Ordinanza di Cassazione Civile Sez. 3 Num. 16121 Anno 2025
Civile Ord. Sez. 3 Num. 16121 Anno 2025
Presidente: COGNOME
Relatore: COGNOME NOME
Data pubblicazione: 16/06/2025
ORDINANZA
sul ricorso iscritto al n. 23112/2022 R.G. proposto da:
NOME COGNOME rappresentato e difeso dall’avvocato COGNOME ed elettivamente domiciliato presso il domicilio digitale indicato dal difensore.
-ricorrente-
contro
FALLIMENTO della società RAGIONE_SOCIALE in liquidazione 352/12, in persona del curatore, rappresentata e difes a dall’avvocato NOME COGNOME ed elettivamente domiciliata presso lo studio dell’avvocato NOME COGNOME in ROMA INDIRIZZO
-controricorrente-
nonché contro
NOME
-intimato- avverso la SENTENZA della CORTE D’APPELLO di NAPOLI n. 2902/2022 depositata il 26/06/2022.
Udite le relazioni svolte nella camera di consiglio del 14/02/2025 e, a seguito di riconvocazione del Collegio, nella camera di consiglio del 17/4/2025, dalla Consigliera NOME COGNOME
SVOLGIMENTO DEL PROCESSO
La curatela del Fallimento RAGIONE_SOCIALE in liquidazione convenne, davanti al Tribunale di Napoli, NOME COGNOME (venditore) e NOME COGNOME (acquirente) per sentir pronunciare la revocatoria dell’atto di compravendita, intercorso tra i convenuti ed avente ad oggetto un immobile sito in Napoli INDIRIZZO al fine di ristorare i danni che il COGNOME aveva cagionato alla società per mala gestio nella sua qualità di amministratore, prima della dichiarazione di fallimento. Mala gestio concretizzatasi nell’uso illegittimo della carta di credito aziendale , nella cessione dell’azienda a titolo gratuito, nella vendita anomala delle rimanenze societarie, etc.

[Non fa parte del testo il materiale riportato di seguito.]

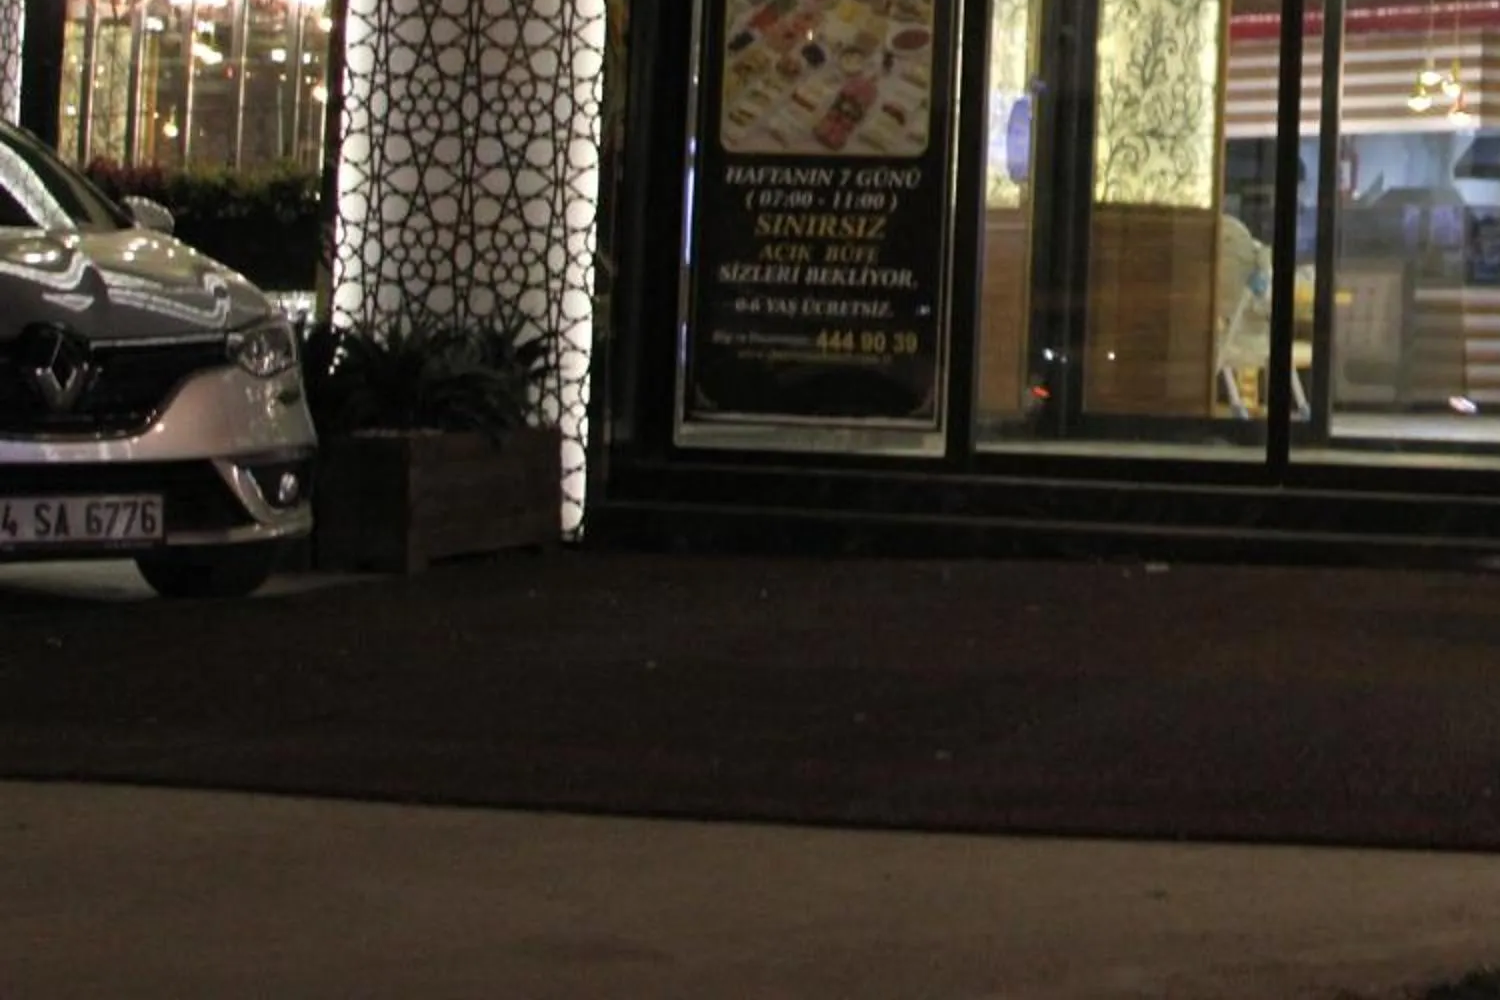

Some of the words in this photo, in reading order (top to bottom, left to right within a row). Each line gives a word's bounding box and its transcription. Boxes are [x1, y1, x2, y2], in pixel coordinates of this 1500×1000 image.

A sostegno della domanda la curatela allegò l’anteriorità del credito del Fallimento rispetto all’atto dispos itivo, la sussistenza del danno, la conoscenza o conoscibilità del pregiudizio da parte del terzo acquirente. NOME COGNOME) si costituì in giudizio assumendo di non aver avuto conoscenza delle responsabilità gestionali del proprio dante causa e che, in ogni caso, le modalità di vendita rientravano tra le
Quest’ultimo ( normali condizioni delle compravendite immobiliari.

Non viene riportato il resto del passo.